Trump fala "groselha" de novo: desta vez, sobre a governança da Internet

Por Redação | em 22.09.2016 às 17h27

Donald Trump

A corrida presidencial dos Estados Unidos deste ano tem sofrido com uma sequência de eventos bizarros: a maior parte deles, é claro, vindas diretamente do candidato do partido Republicano à Casa Branca, Donald Trump. 

A mais nova das "groselhas" ditas pelo presidenciável e sua campanha, nesta quarta-feira (21), só comprovam que o milionário alaranjado não tem a menor ideia de como a governança da Internet realmente funciona.

Em um comunicado liberado por sua campanha, Trump criticou a mudança no sistema de supervisão da Internet, responsabilidade da entidade sem fins lucrativos ICANN, que deve passar das mãos dos Estados Unidos para a uma governança da comunidade internacional a partir do dia 1º de outubro.

A declaração afirma que o atual presidente Barack Obama estaria "entregando o controle da Internet para potências estrangeiras", supostamente colocando a liberdade de expressão da rede em risco no processo.

"A supervisão dos Estados Unidos manteve a Internet livre e aberta e sem censura governamental - um valor americano fundamental, enraizado na cláusula de liberdade de expressão da nossa Constituição", diz o comunicado. "A liberdade na Internet está agora em risco com a intenção do Presidente de ceder o controle aos interesses internacionais, incluindo a países como China e Rússia, que têm um longo histórico de tentar impor a censuras online".

Donald Trump

Segundo a campanha de Trump, Obama estaria entregando o controle da Internet a potências estrangeiras (foto: reprodução)

Desde o final do ano passado, Trump tem feito coro ao ex-candidato republicano Ted Cruz, que foi o primeiro a defender que a entrega da supervisão pelos Estados Unidos seria um ataque à liberdade de expressão na Internet. 

Além de estar na contramão do consenso internacional, a fala da campanha de Trump prova que ninguém por ali está realmente por dentro do que a mudança da governança significa, e sim só usando o discurso como mais um forma de tentar alavancar votos através da imposição de um novo medo ao eleitorado norte-americano.

A entrega da supervisão do ICANN pelo Departamento de Comércio dos Estados Unidos para um consórcio de países, empresas e órgãos competente, é um movimento amplamente visto como positivo para a evolução da Internet, com o apoio de governos, da comunidade acadêmica e de empresas como Facebook, Google, Amazon, Yahoo e Twitter.

Em um editorial conjunto publicado no Washington Post, inclusive, Tim Berners-Lee, inventor da World Wide Web (WWW), e o ex-CTO da Casa Branca, Daniel Weitzner, já afirmaram que não há relação entre a gestão do ICANN e censura na Internet - visto que até hoje, os Estados Unidos nunca conseguiram usar a supervisão do órgão para evitar que outros países censurassem a rede.

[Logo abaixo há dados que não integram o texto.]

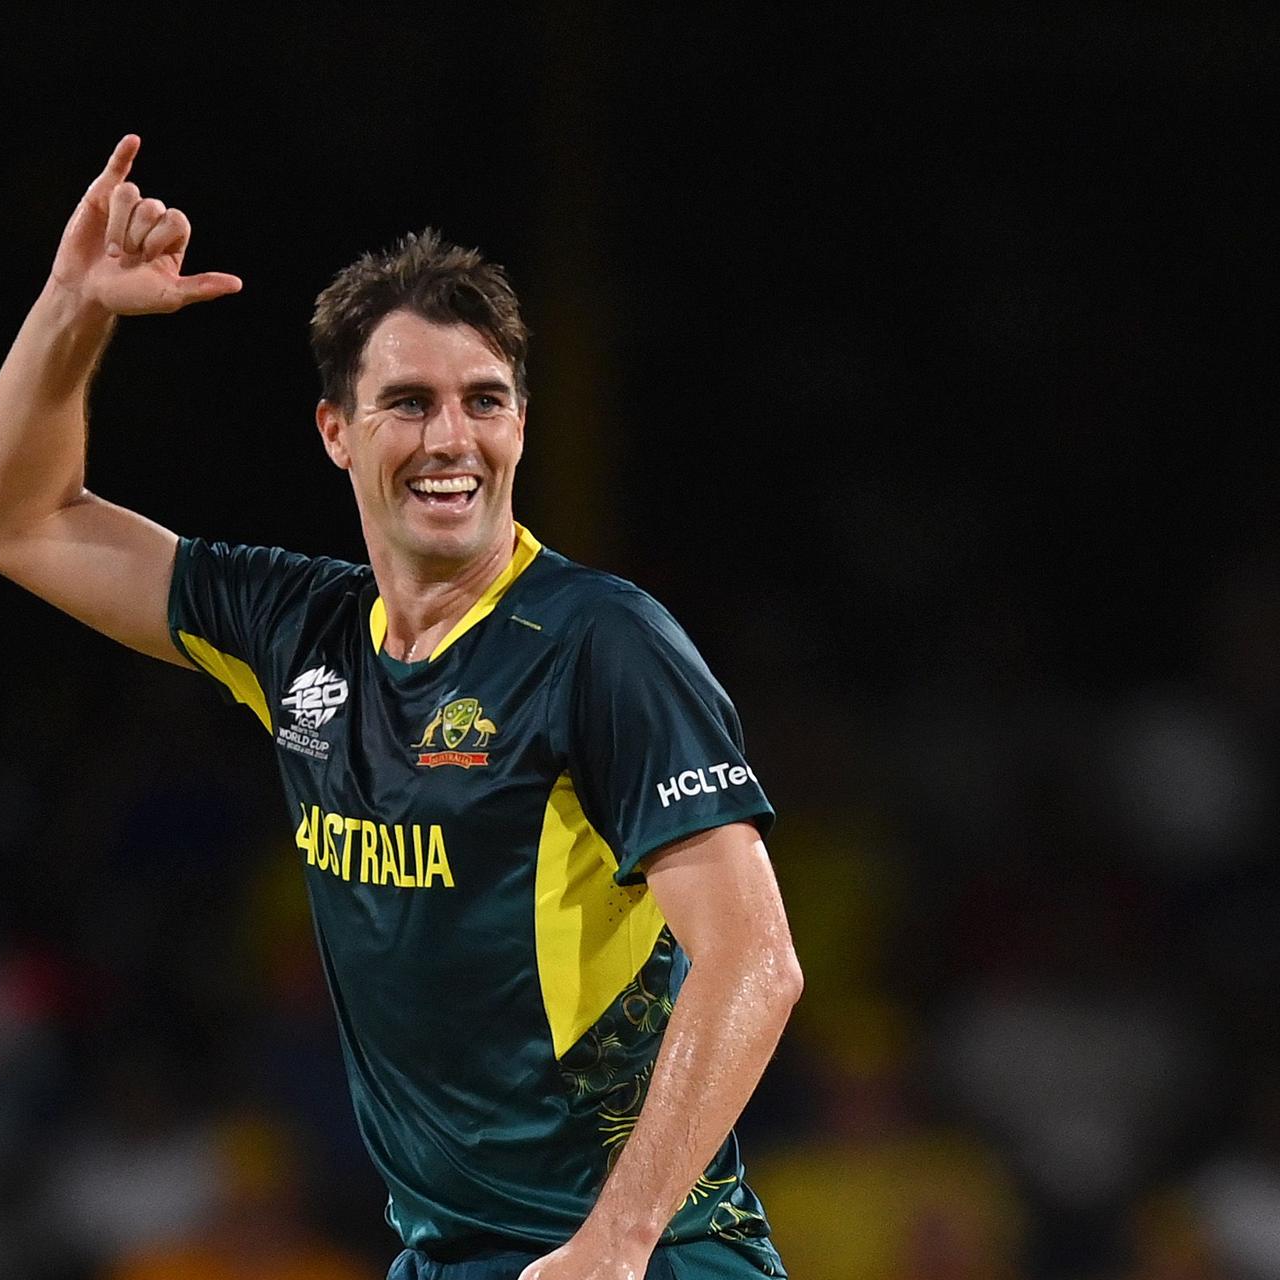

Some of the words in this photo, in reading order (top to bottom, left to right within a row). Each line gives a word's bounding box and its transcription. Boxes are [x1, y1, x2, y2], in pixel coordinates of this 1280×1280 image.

[279, 727, 310, 746] WORLD
[309, 740, 330, 752] CUP
[295, 802, 456, 888] AUSTRALIA
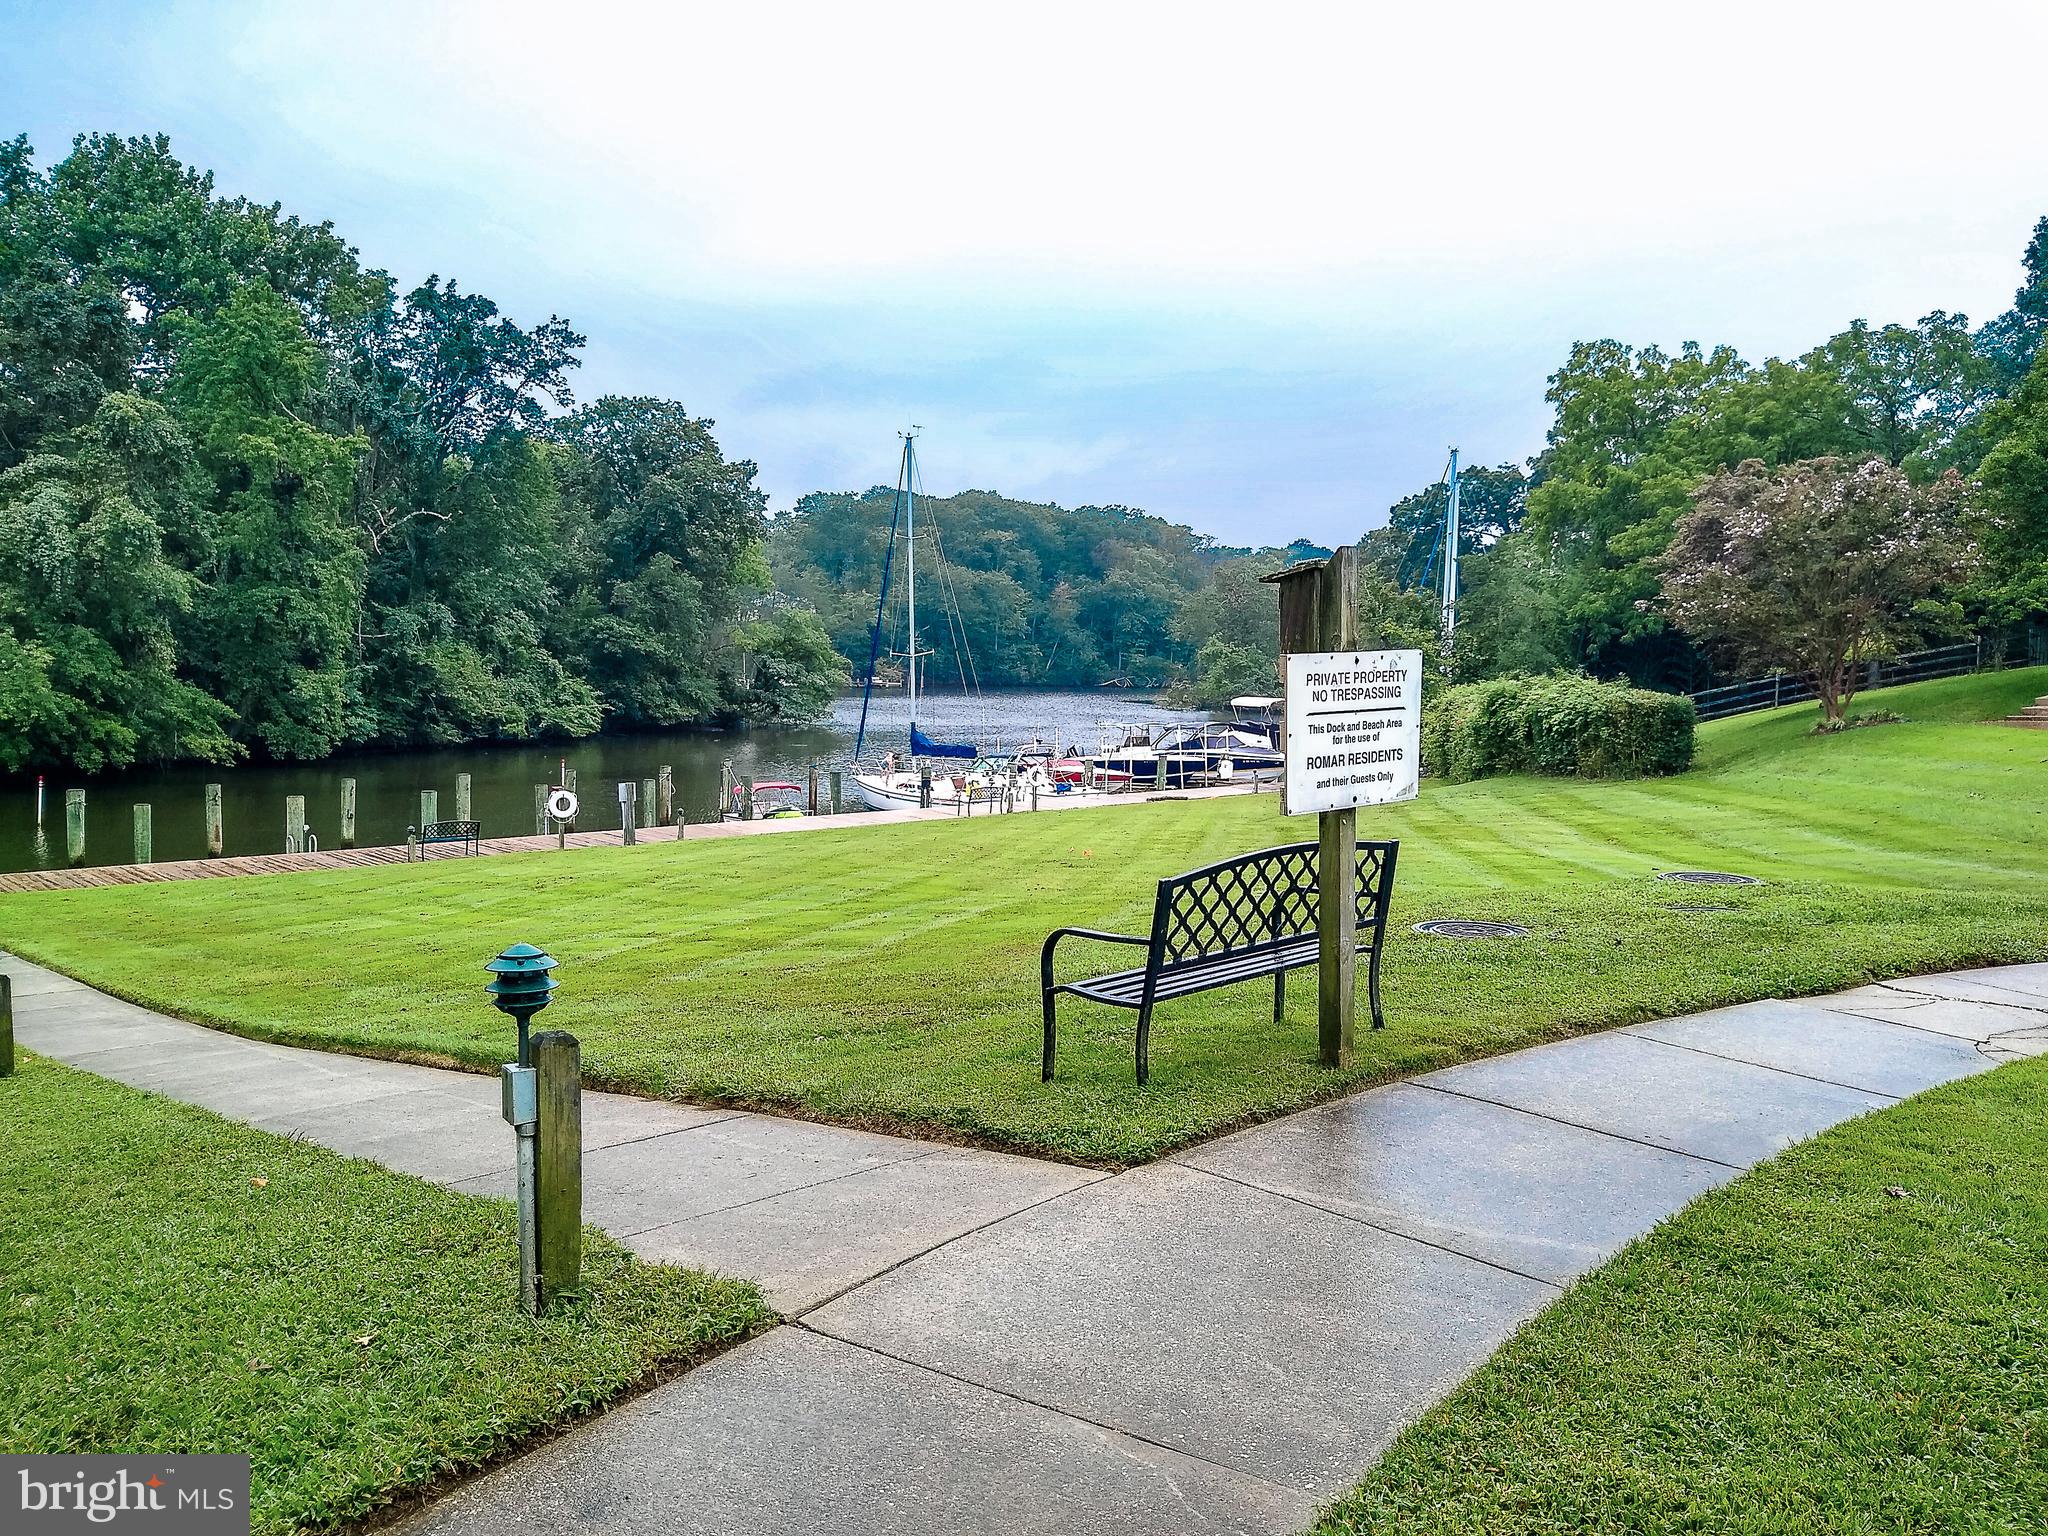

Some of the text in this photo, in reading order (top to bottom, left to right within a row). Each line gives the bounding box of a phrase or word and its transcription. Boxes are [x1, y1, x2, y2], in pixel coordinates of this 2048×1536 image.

[1306, 670, 1408, 686] PRIVATE PROPERTY
[1312, 686, 1401, 702] NO TRESPASSING
[1308, 719, 1402, 734] This Dock and Beach Area
[1332, 734, 1343, 744] for
[1344, 734, 1356, 744] the
[1372, 732, 1380, 741] of
[1306, 748, 1403, 770] ROMAR RESIDENTS
[1316, 772, 1394, 788] and their Guests Only

Fundamentalmente, a passagem do controle dos EUA para a comunidade internacional indica um avanço da abertura da rede: tudo continuará como hoje em dia, com a diferença de que, agora, o comitê gestor passará a incluir mais interesses internacionais - uma pluralidade que tem o potencial de fazer a internet avançar livremente, dada sua natureza aberta.